Djirra welcomes Victorian Government’s support for Aboriginal and Torres Strait Islander women and children escaping Family Violence during coronavirus

Djirra CEO Antoinette Braybrook has welcomed the Victorian Government’s investment of $40.2 million in crisis accommodation and specialist services for people suffering or at risk of family violence. Enforced social isolation due to COVID-19 increases exposure to violence. Aboriginal women and children’s lives are at risk now more than ever.

Importantly, the package also includes targeted funding for Aboriginal Community Controlled Organisations to meet additional demand for family violence case management and crisis support. “Djirra specialises in family violence prioritising the safety of Aboriginal women and children and must receive additional funding to support access to services, emergency relief and flexible support packages,” commented Ms Braybrook.

Djirra is adamant that every woman and child must know that there are safety options during this time of isolation. Resourcing frontline services to support women and children at risk at this time is vital so the health crisis we are living does not turn into a much bigger disaster. Ms Braybrook stressed that the pandemic must not hide the fact that violence against Aboriginal women and their children was already at epidemic levels before COVID-19 even appeared and it is getting worse.
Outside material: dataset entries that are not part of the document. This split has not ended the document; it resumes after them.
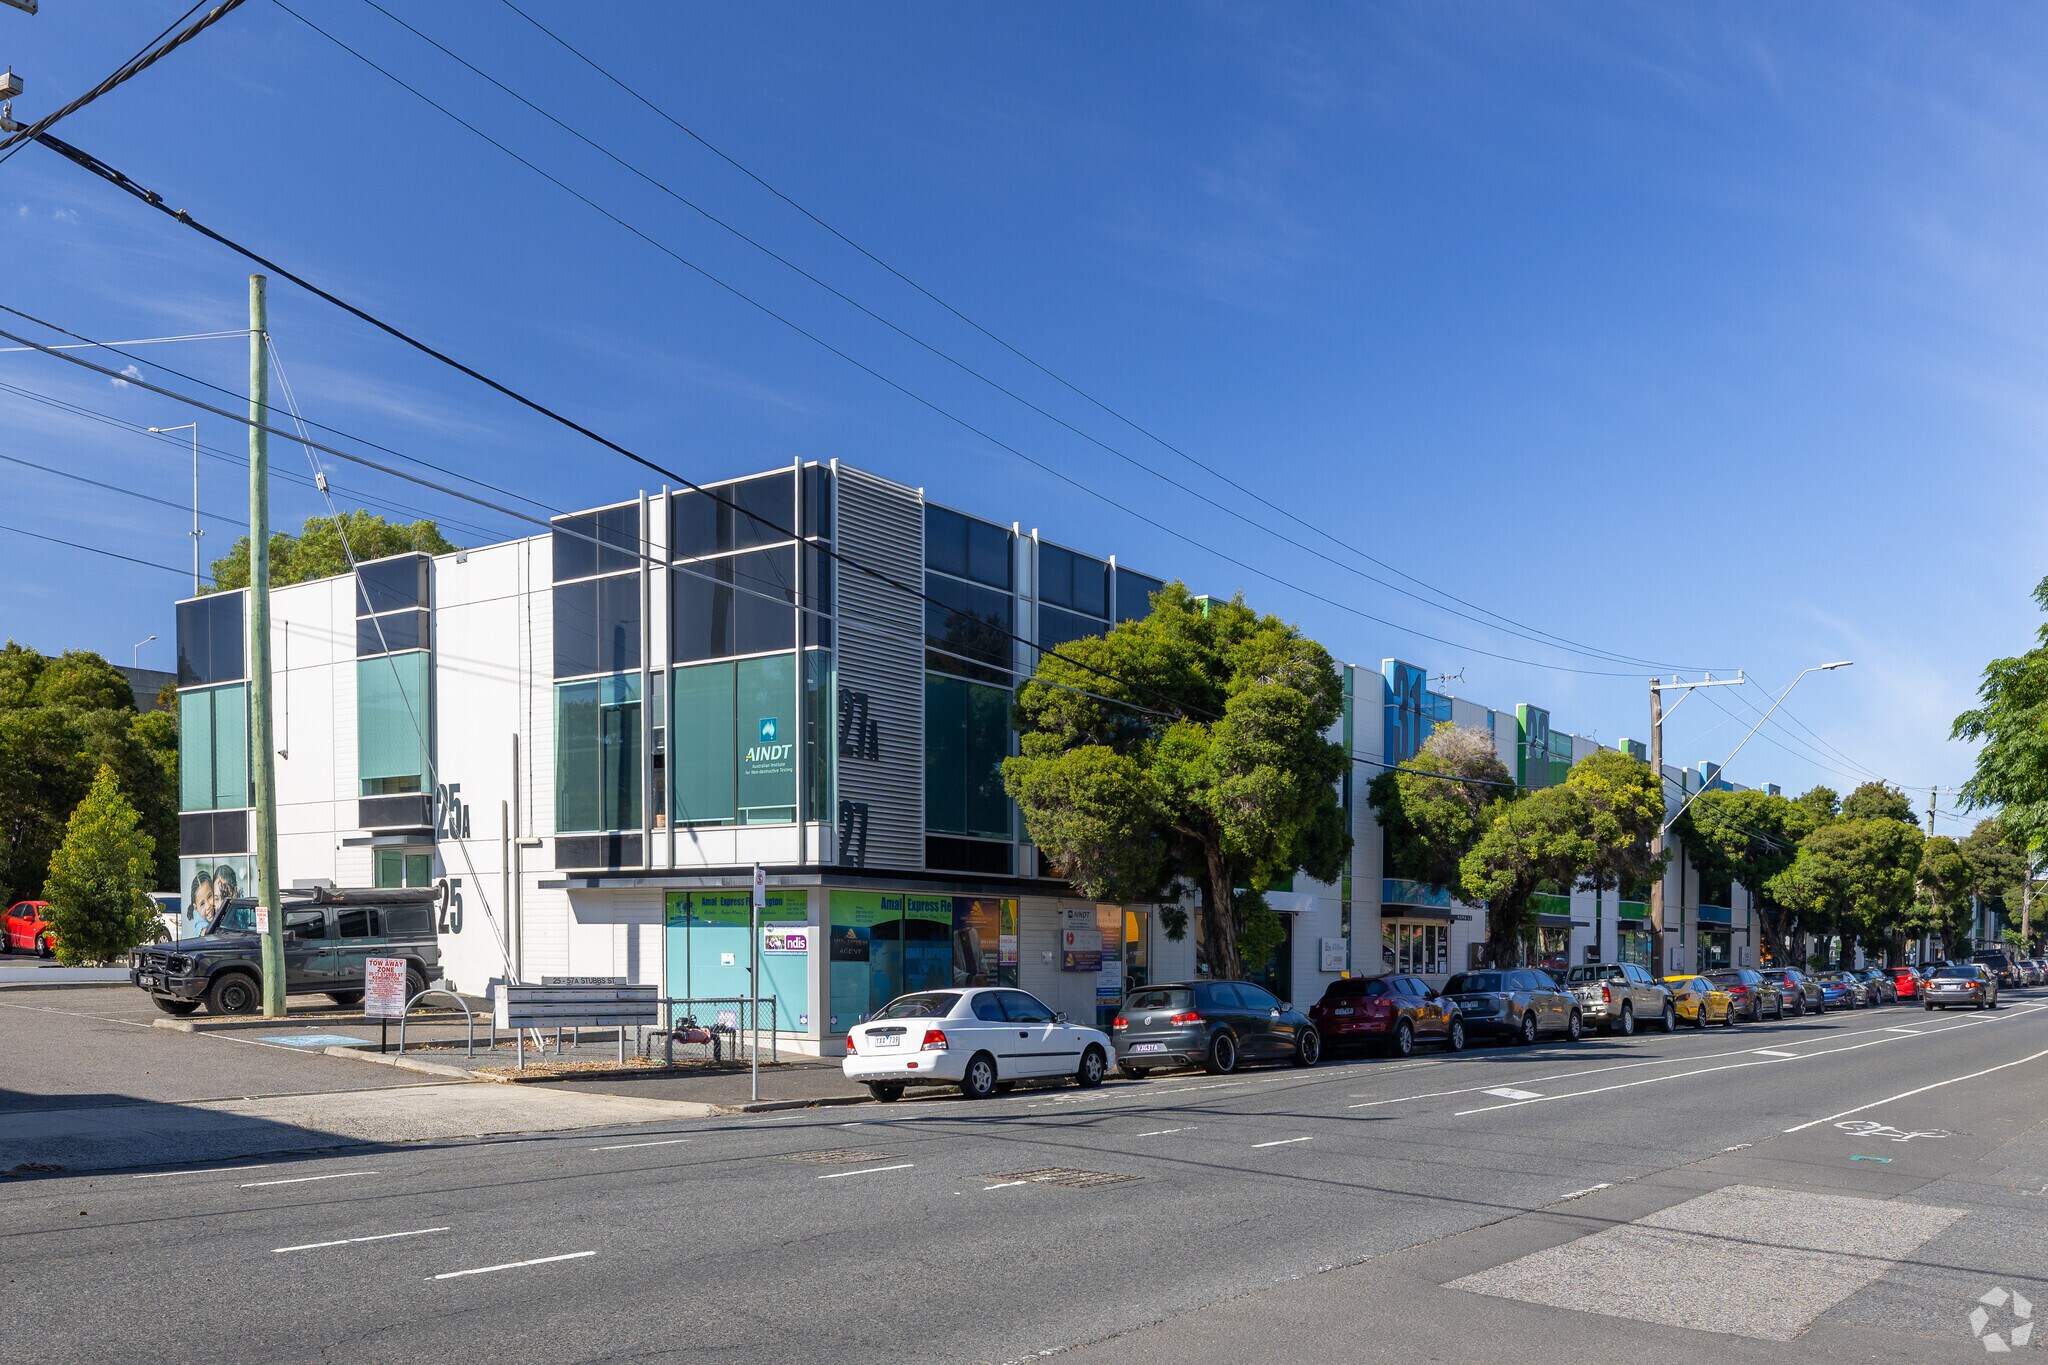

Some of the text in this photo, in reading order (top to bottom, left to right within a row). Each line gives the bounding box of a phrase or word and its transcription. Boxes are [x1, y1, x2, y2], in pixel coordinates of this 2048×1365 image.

[745, 744, 793, 762] AINDT
[437, 783, 471, 840] 25A
[839, 800, 869, 868] 27
[438, 878, 464, 934] 25
[701, 896, 718, 907] Amal
[720, 896, 745, 908] Express
[881, 896, 903, 911] Amal
[908, 898, 940, 913] Express
[787, 936, 806, 949] ndis
[552, 977, 562, 985] 25
[580, 977, 606, 985] STUBBS
 Since the beginning of the coronavirus crisis, Djirra has adapted its service response in a number of ways. Djirra offices in Melbourne and the regions have had to close their doors but Djirra is doing everything possible to stay visible to the women and children who need their services most.

Djirra is ensuring their service continuity and is contactable on free call number 1800 105 303 to provide legal and non-legal support. More, to keep the contact going, Djirra’s Community Engagement team are reaching out to women who have attended Sisters Day Out and Dilly Bag programs. “We are continually reviewing the way we provide services and support to adapt to this volatile environment – one which puts Aboriginal women and their children at greater risk of violence,” explained Ms Braybrook. “Djirra is here for Aboriginal women and children and especially those in our communities in Victoria who experience family violence.”
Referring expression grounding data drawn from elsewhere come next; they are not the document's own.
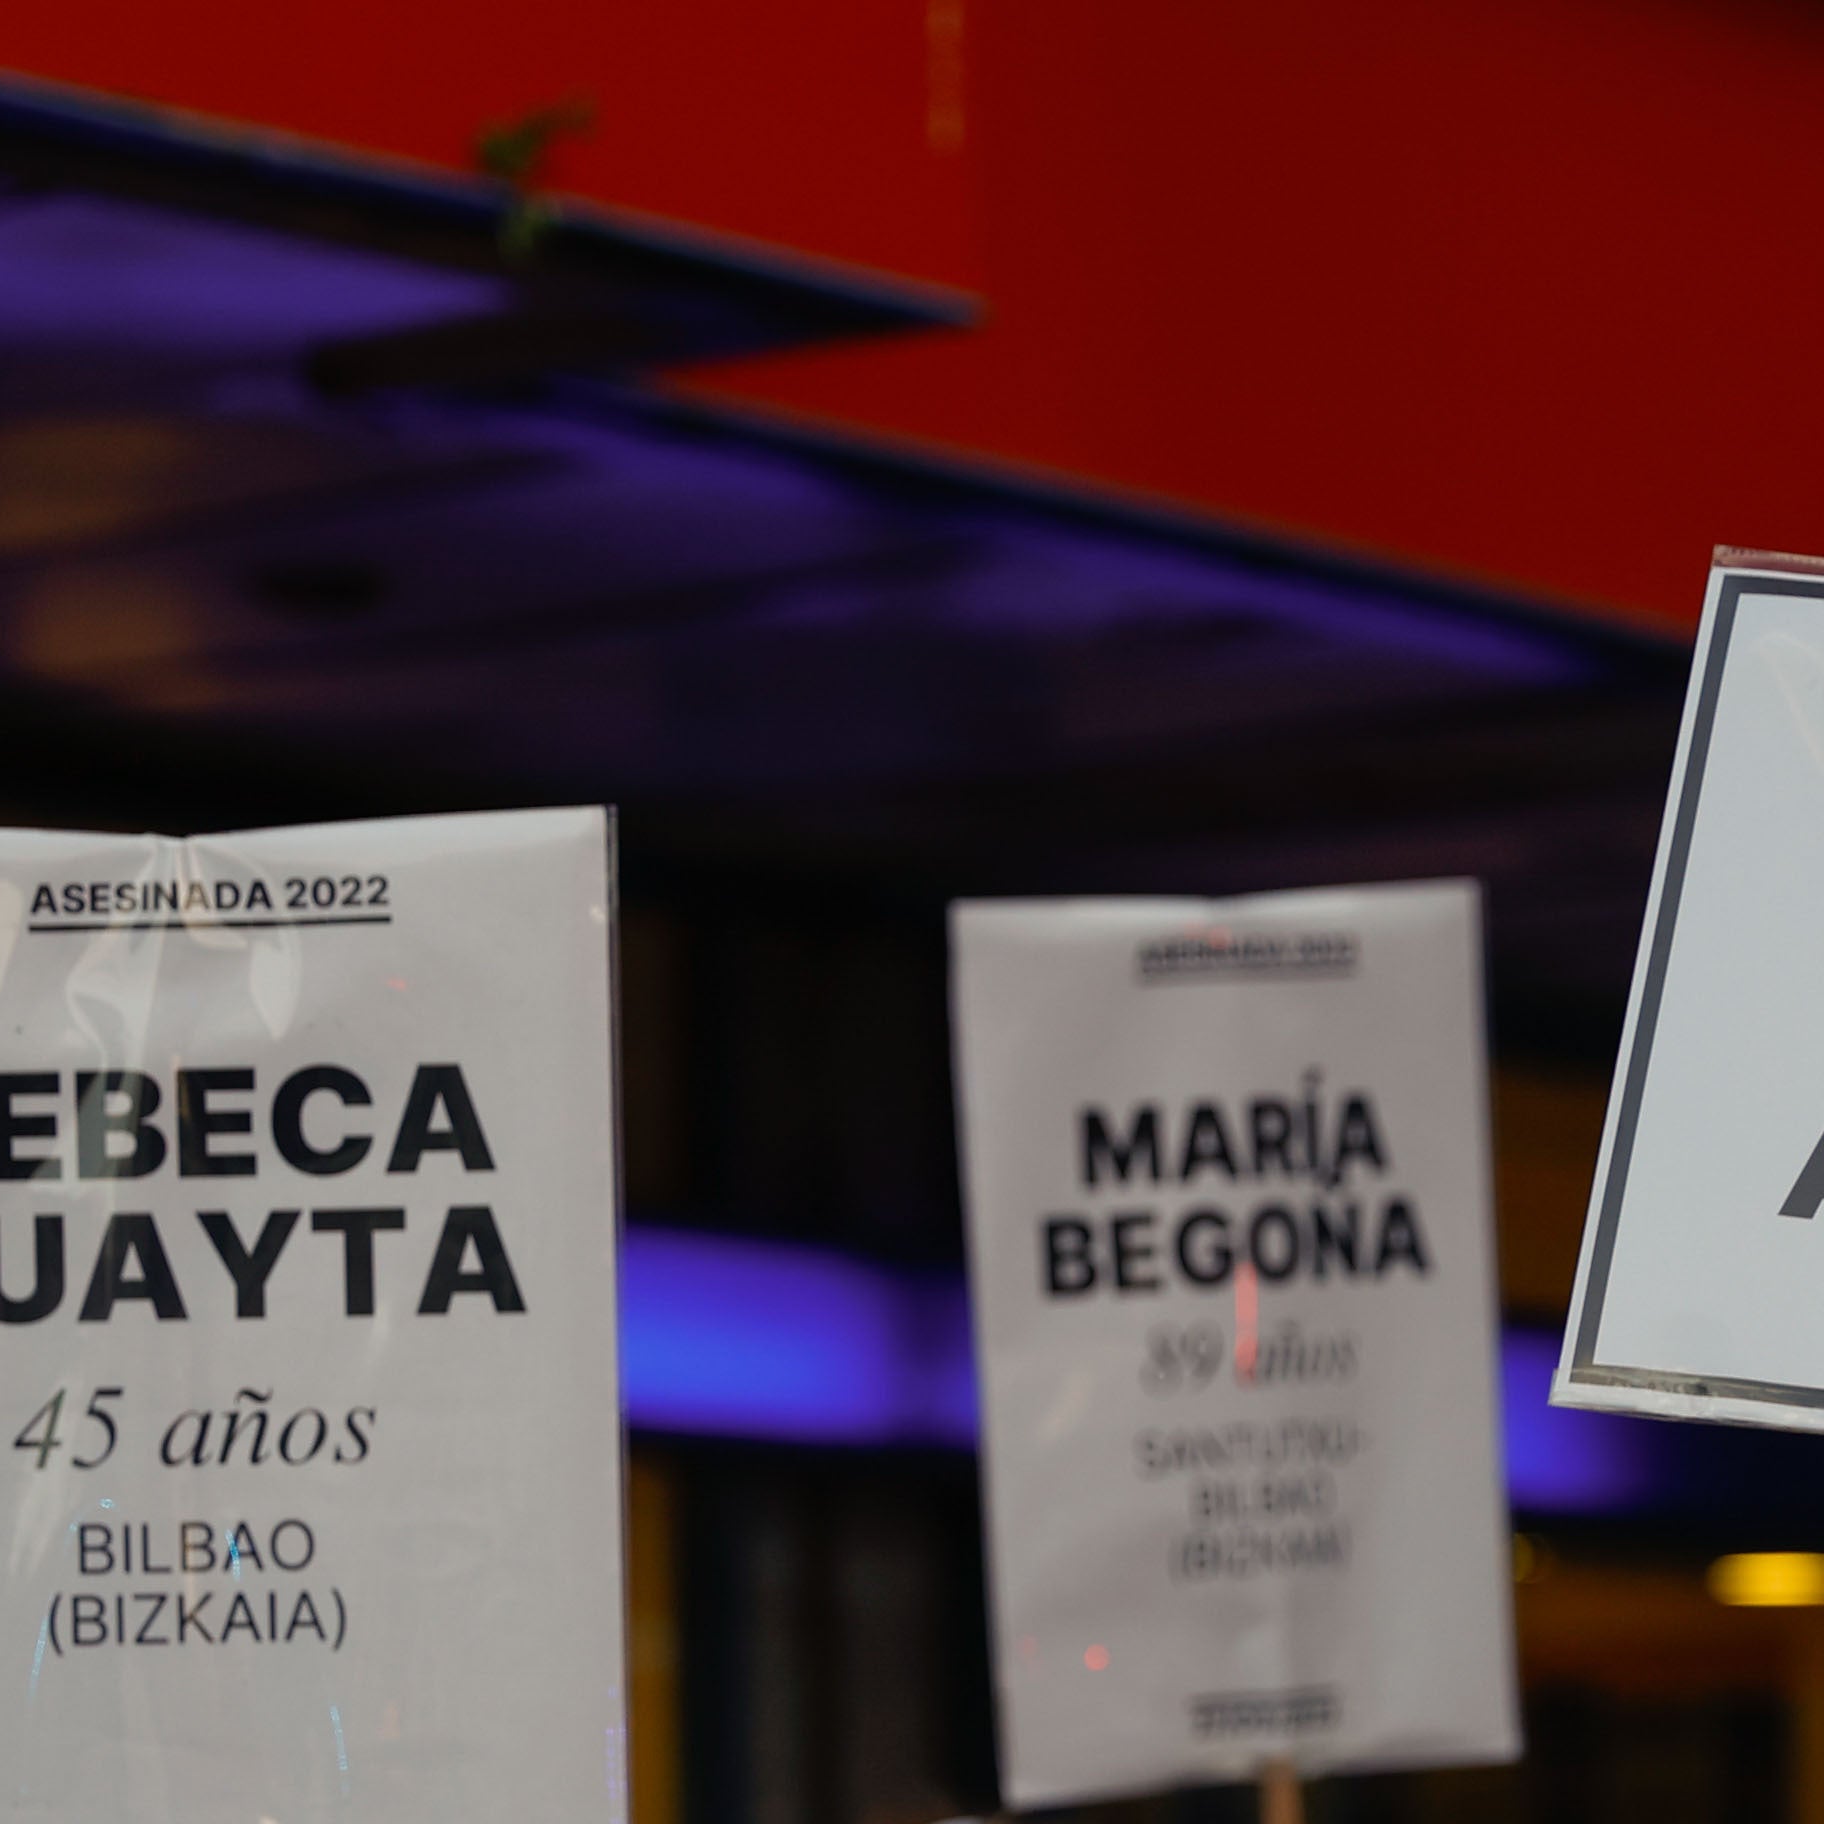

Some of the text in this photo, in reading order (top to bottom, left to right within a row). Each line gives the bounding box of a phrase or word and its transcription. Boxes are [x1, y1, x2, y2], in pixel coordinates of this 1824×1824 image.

[30, 874, 390, 915] ASESINADA 2022
[1079, 1066, 1390, 1192] MARÍA
[1042, 1180, 1435, 1299] BEGOÑA
[13, 1388, 376, 1470] 45 años
[76, 1520, 315, 1576] BILBAO
[48, 1588, 348, 1653] (BIZKAIA)
Antoinette Braybrook also said that Djirra is presented with a different issue every day and looking at innovative ways to ensure that communities can continue to access Djirra’s services and support.

Since this crisis began, Djirra has called on Governments for

  • an urgent allocation of emergency relief funding to support women and children to access accommodation and essential items;
  • an expansion of dedicated care packages for Aboriginal women and children to ensure their safety, health and well-being; and for
  • additional funding for Djirra’s service continuity plan to ensure that Aboriginal women and children’s safety, health and well-being is prioritised.

We want our message to be heard and we want Djirra to be visible; our doors may be closed, but we are still delivering our services. If we don’t have what our women need right now, we will change what we do! We need governments to invest now and commit to keep supporting our services,” concluded Antoinette Braybrook.